Uma sombra disse que sim. A dona da voz sorriu, tímida, enquanto entrava no táxi. Ele virou-se para ela. Primeira vez que o viu de verdade: praticamente um galã de novela, porte atlético, sorriso cheio de charme, olhos dum azul-piscina e perfume que se espalhava por todo o carro. “O ar está incomodando?”, disse olhando nos olhos verdes dela. “Não, sem problemas”, respondeu quase sem deixar a voz sair. Ele se virou pra frente, mexeu no rádio que até então tocava um rock barulhento e difícil de identificar e colocou Blower’s Daughter baixinho enquanto acelerava o carro. Ela olhava através da janela, coberta de pingos de chuva, para as ruas vazias.

And so it is… Quis rir e chorar. Justo aquela música? Ele cortou o silêncio, talvez prevendo nela a solidão e a tristeza. “A chuva havia ido embora, agora voltou, daqui a pouco para de novo… Né?”. Ela continuava monossilábica. “É”. Lembrava-se de todas as vezes em que fizera aquele mesmo percurso, sem rumo, ao lado de quem supunha ser o homem de sua vida, Alameda Santos adentro. “Te deixo na Brigadeiro”, ele dizia, e colocava sua mão nas pernas dela até encontrar a mão que ela tanto detestava, a mão branquinha e gordinha, das unhas roídas até a carne. Dirigia a mão dela à boca e beijava-a sem tirar os olhos do trânsito. Ela enlouquecia. “Pare com isso! Sabe que acho perigoso!”. Só paravam na estação Santa Cruz, já bem longe do rumo previsto.

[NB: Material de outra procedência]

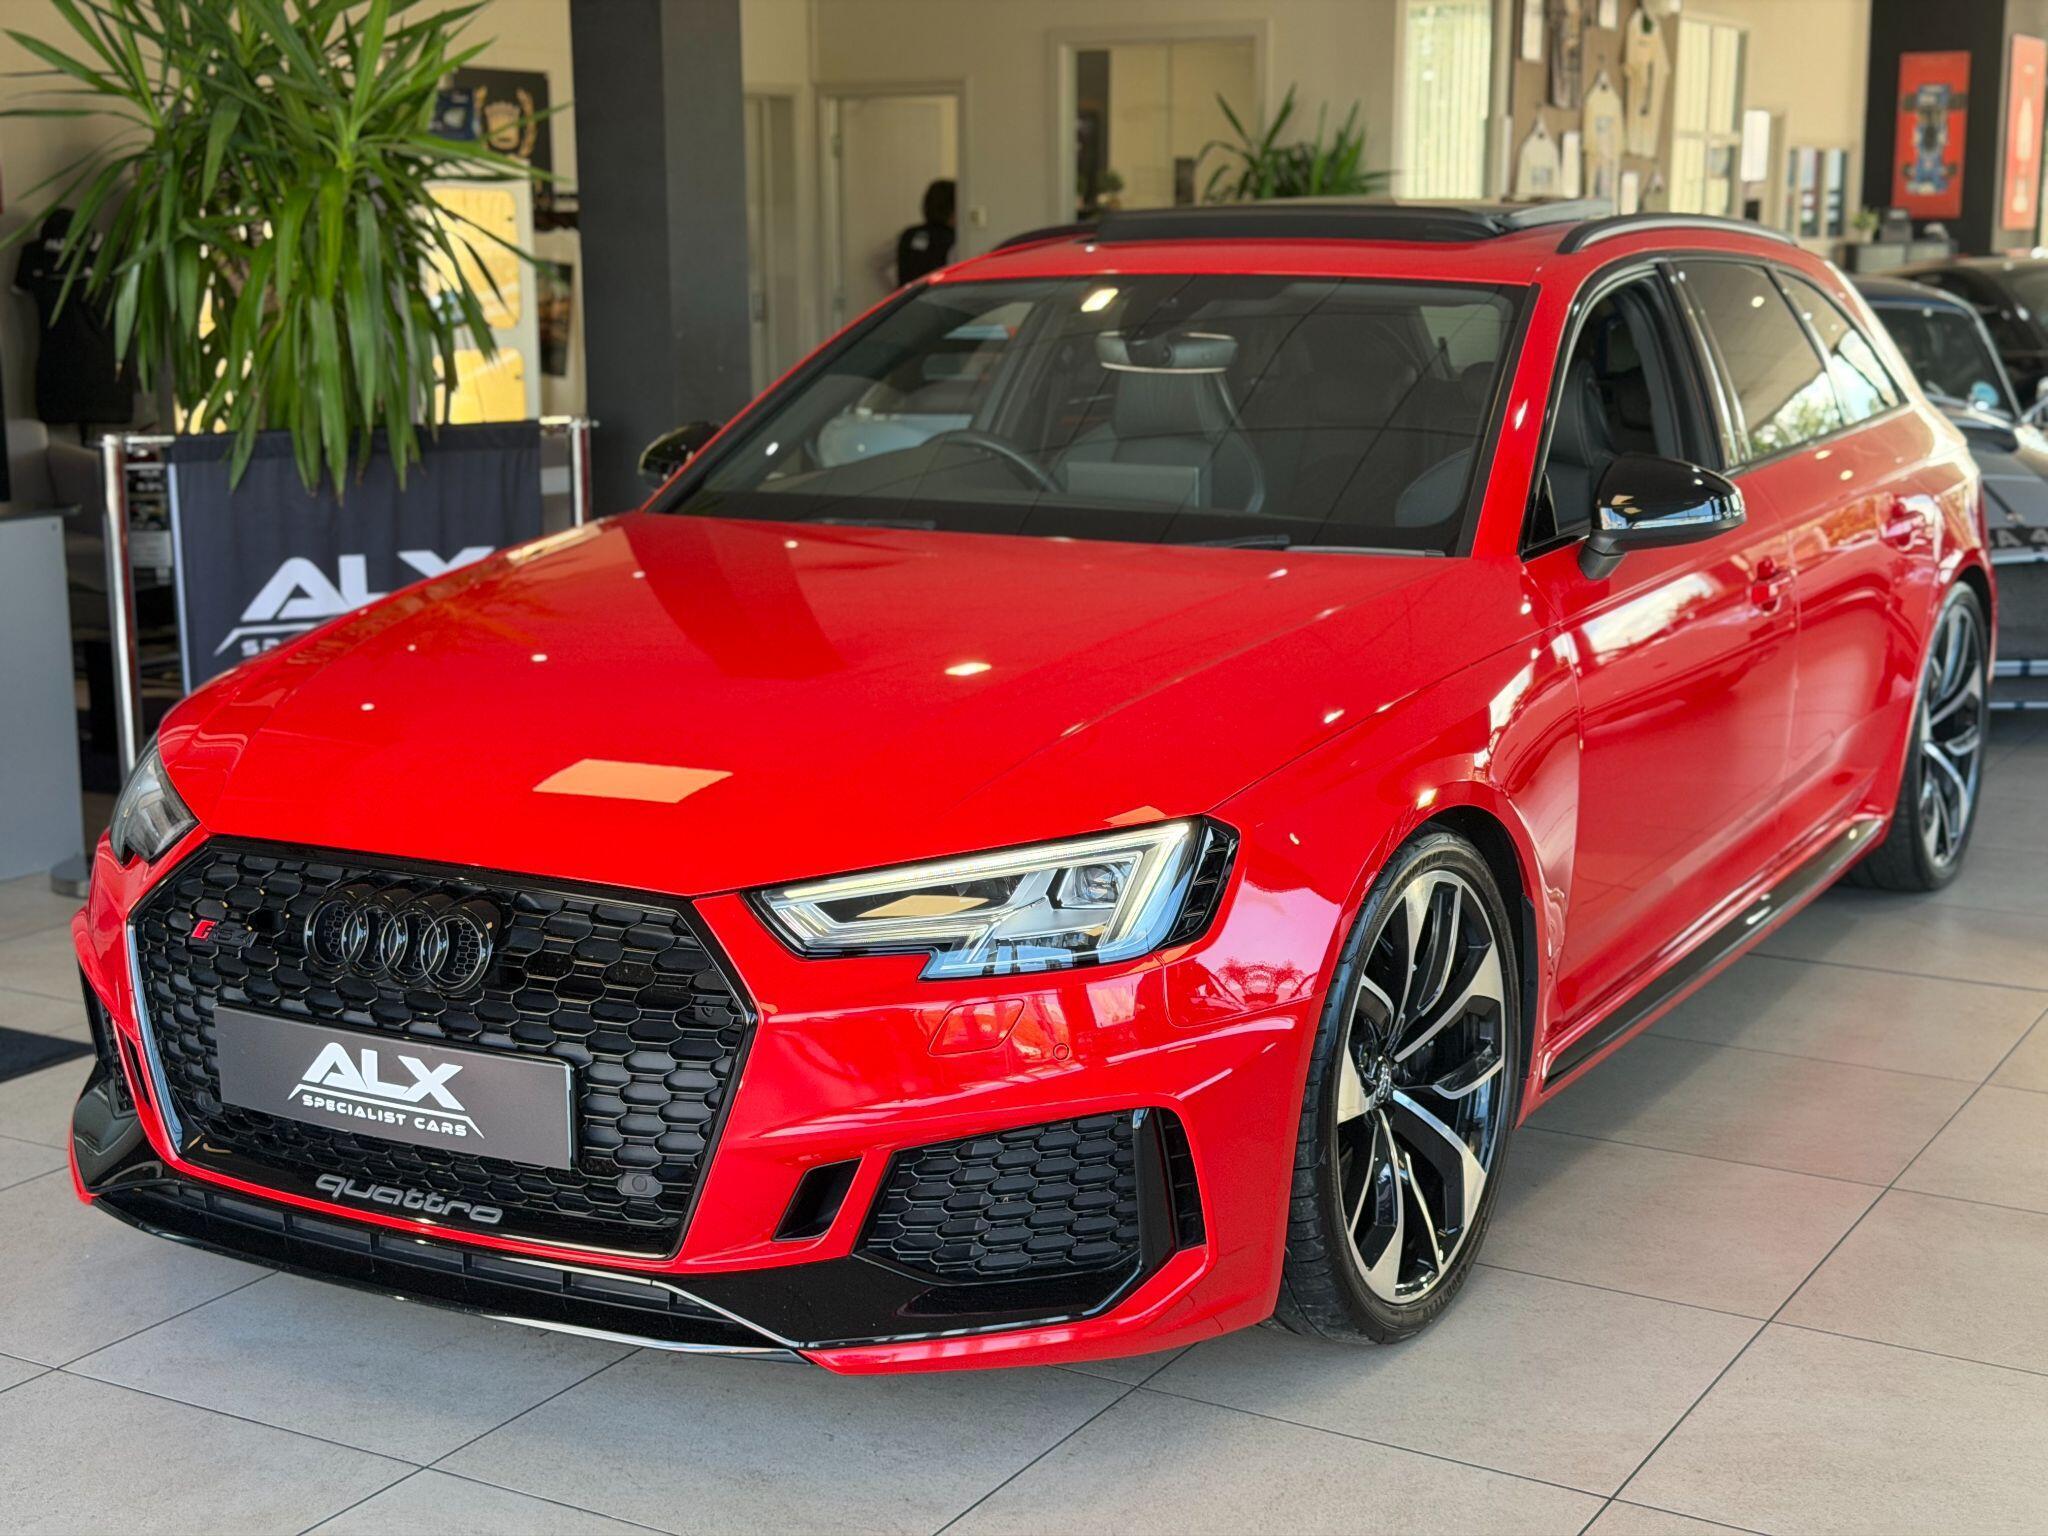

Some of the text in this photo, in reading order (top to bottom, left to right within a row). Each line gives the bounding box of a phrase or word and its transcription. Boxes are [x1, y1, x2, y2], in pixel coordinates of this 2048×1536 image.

[302, 1042, 466, 1112] ALX
[302, 1094, 468, 1137] SPECIALIST CARS
[315, 1173, 503, 1225] quattro

Did I say that I love you? Quase escorria uma lágrima dos olhos dela quando, no farol vermelho, entre os últimos sussurros de Damien Rice, o charmoso taxista chamou-a de volta ao presente. “Vai pegar o metrô ou encontrará alguém ali perto?”. “Metrô”, respondeu quase que com aspereza. Indiscreto, pensou. Que absurdo tirá-la do passado que tanto amava, que absurdo querer saber de seu presente. Mas deixou passar. Rice deu espaço para China, de Bowie, ela já dispersa, contando as gotas de chuva no vidro do carro, ele olhando para taxímetro que se aproximava dos dez reais, ambos se recompondo enquanto os alunos saíam do prédio da Gazeta, do outro lado da Avenida. O taxímetro parou nos R$9,80. Despediram-se. “Obrigada, obrigada mesmo”, ela sorriu pela primeira vez olhando nos olhos do desconhecido. “Obrigado eu”, disse o príncipe disfarçado, guardando no bolso a nota de dez reais.

Ah, quantas meninas perdidas como ela ele carregava por dia!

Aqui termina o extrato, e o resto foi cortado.